Niños, establecer hábitos alimentarios correctos
Los hábitos alimentarios que se aprenden durante la infancia se convertirán en prácticas diarias a lo largo de toda la vida. Estas son algunas sugerencias para conseguir que tu hijo desarrolla unos hábitos alimentarios adecuados:
Las actitudes de los familiares hacia los alimentos influirán de forma notable en la actitud del niño hacia éstos. Por ello, hay que dar ejemplo. Deberían establecerse horarios regulares para las comidas y procurar que el niño desayune adecuadamente.

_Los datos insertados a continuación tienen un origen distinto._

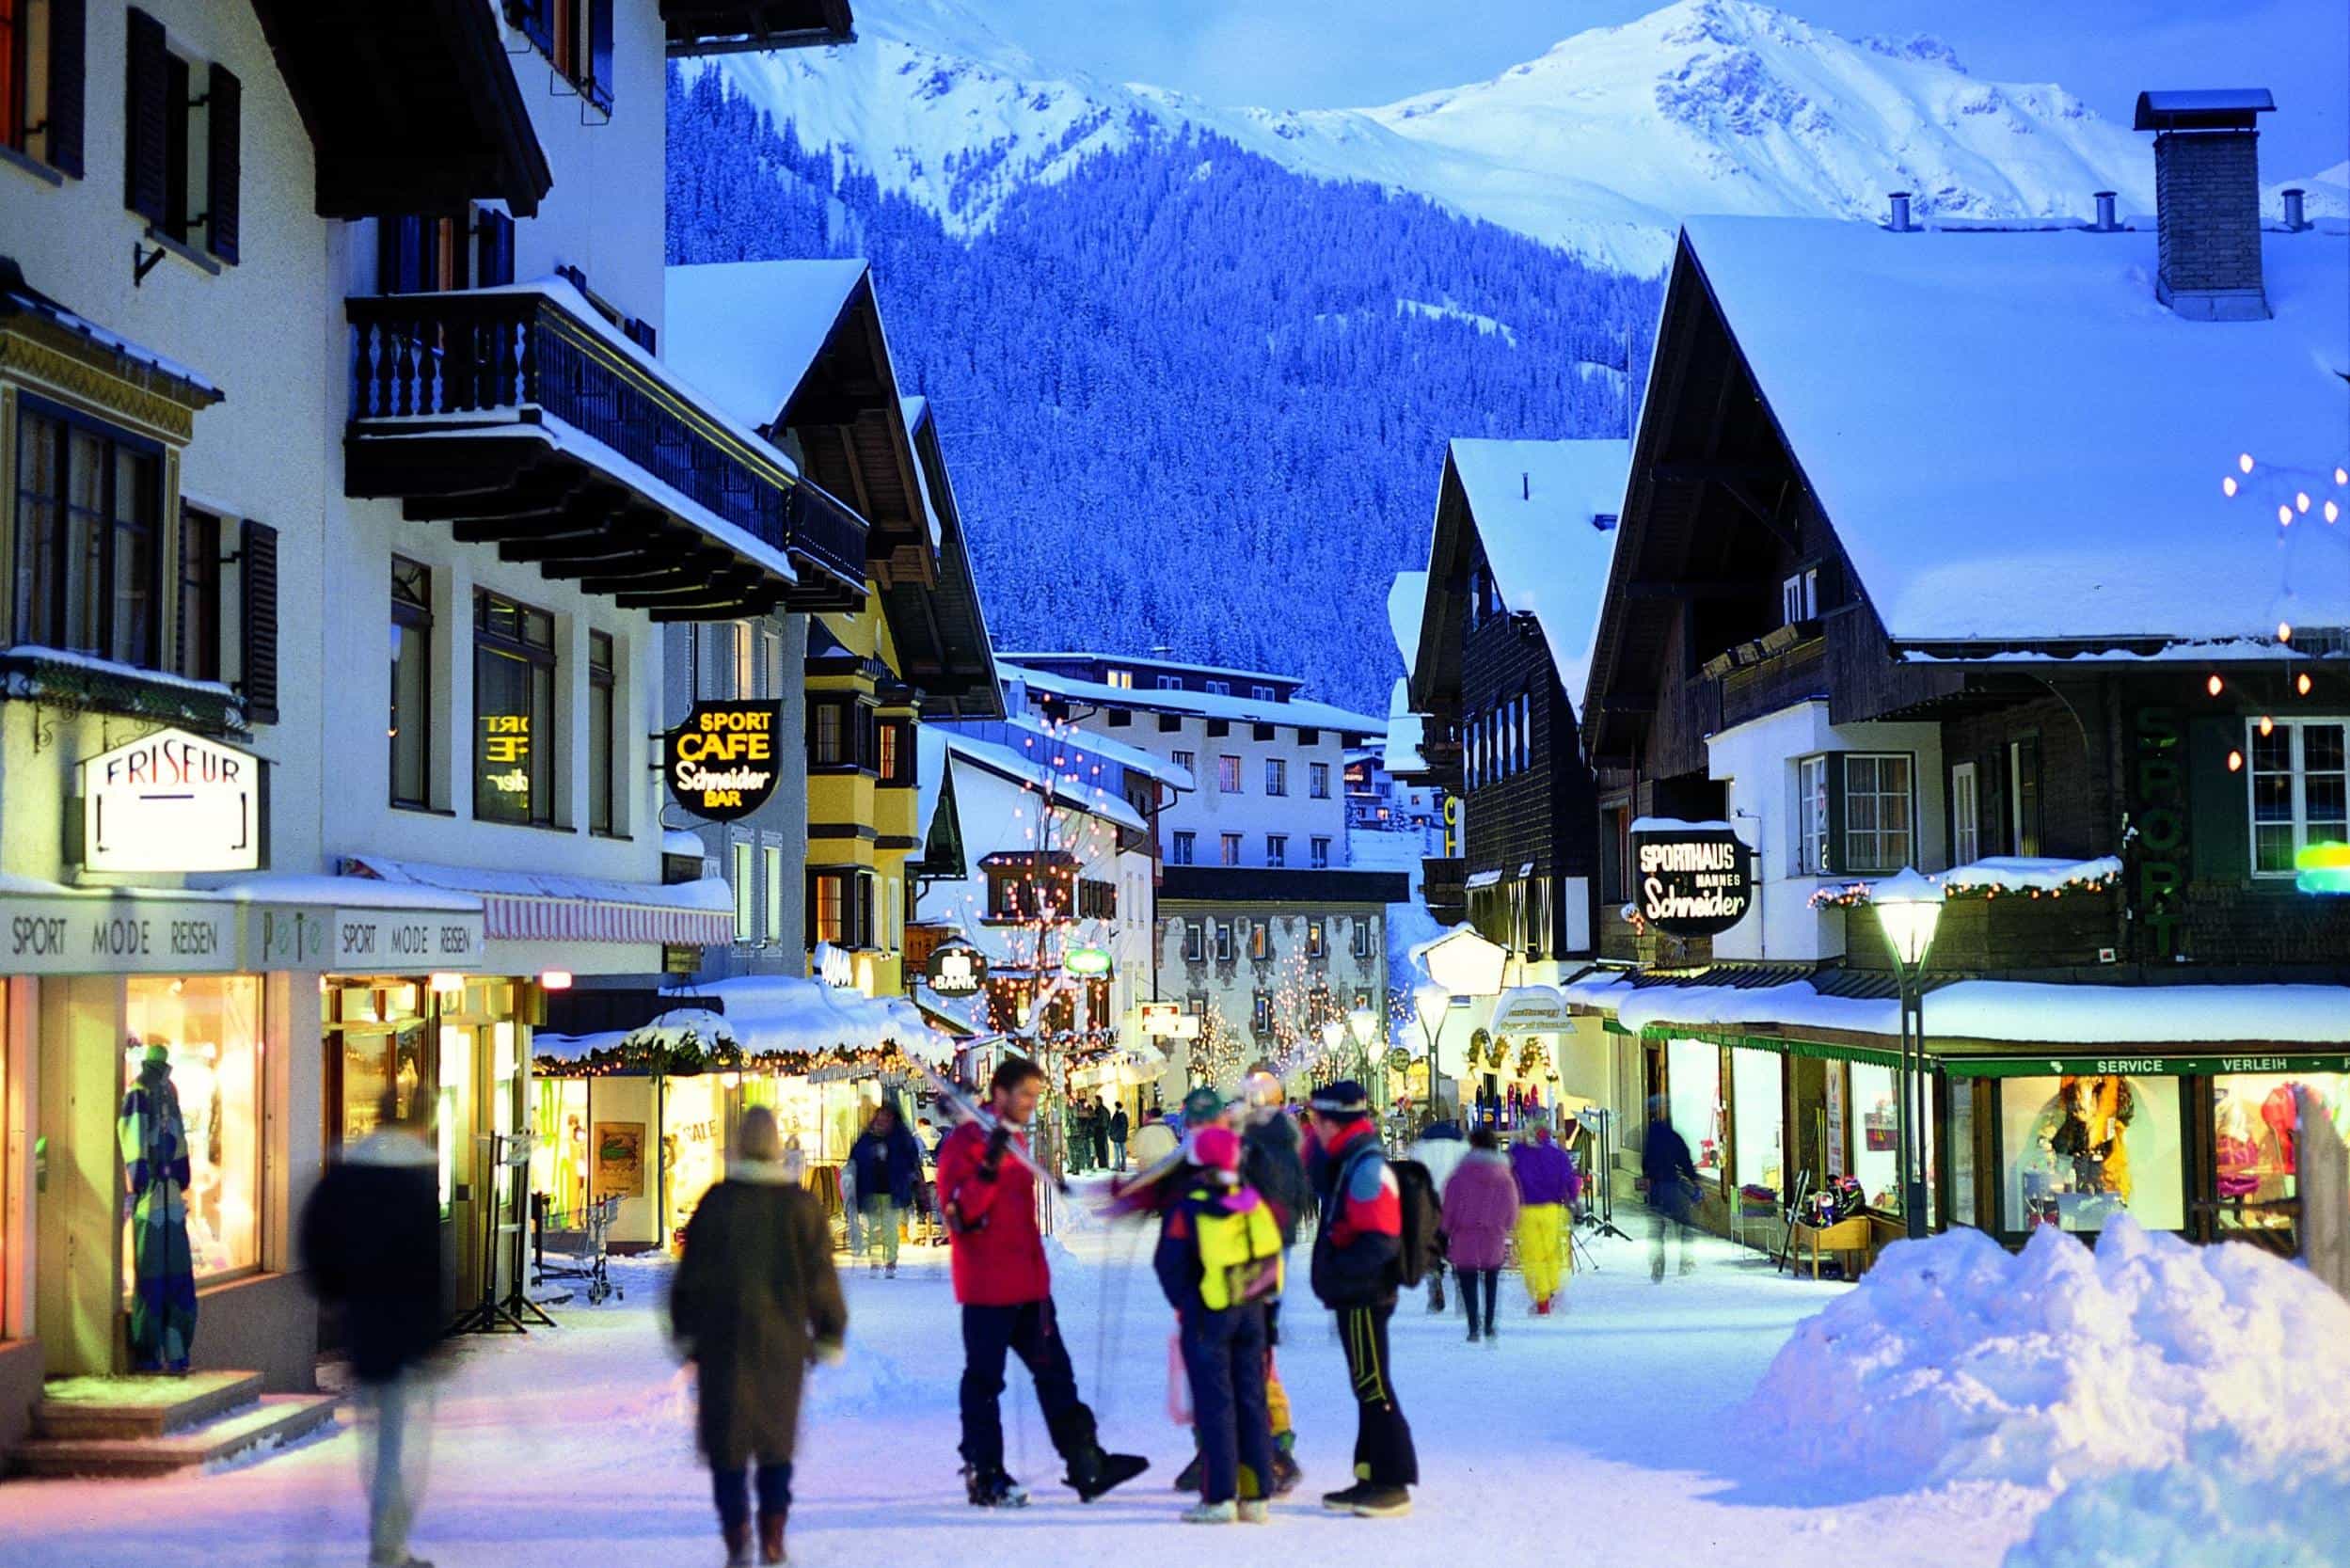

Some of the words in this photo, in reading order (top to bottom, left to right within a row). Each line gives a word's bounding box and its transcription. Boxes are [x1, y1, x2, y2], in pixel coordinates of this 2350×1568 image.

[700, 712, 772, 732] SPORT
[106, 738, 240, 785] FRISEUR
[677, 733, 770, 761] CAFE
[675, 760, 771, 791] Schneider
[704, 789, 742, 808] BAR
[2137, 706, 2182, 956] SPORT
[1640, 843, 1735, 873] SPORTHAUS
[1643, 877, 1745, 919] Schneider
[12, 916, 66, 955] SPORT
[93, 919, 150, 955] MODE
[171, 919, 218, 955] REISEN
[342, 923, 376, 954] SPORT
[391, 926, 428, 955] MODE
[440, 927, 469, 954] REISEN
[934, 974, 978, 990] BANK
[2097, 1060, 2164, 1073] SERVICE
[2222, 1057, 2288, 1071] VERLEIH

La velocidad de crecimiento y el desarrollo de la personalidad del niño afectan lo que el niño come, tanto cualitativa como cuantitativamente. Los alimentos que sean nuevos para el niño deberán ofrecerse al principio de las comidas y deberán presentar de una forma agradable. Las porciones a ingerir deben estar de acorde con el nivel de desarrollo del niño.
La realización de actividades que compiten con la hora de las comidas puede llegar a influir sobre la ingesta de nutrientes y alimentos. Estas situaciones deben evitarse. Los comportamientos negativos respecto a la alimentación se deberán ignorar, los positivos animar. Los alimentos preferidos no se utilizarán como recompensa. Si el niño decide por propia iniciativa no comer a la hora de la comida se deberá esperar a la siguiente ingesta regulada.
En todos los casos, hay que tener muy presente que el apetito de un niño puede llegar a variar de forma importante de un día para otro o incluso de una comida a otra y que el acto de comer debe ser un hecho placentero.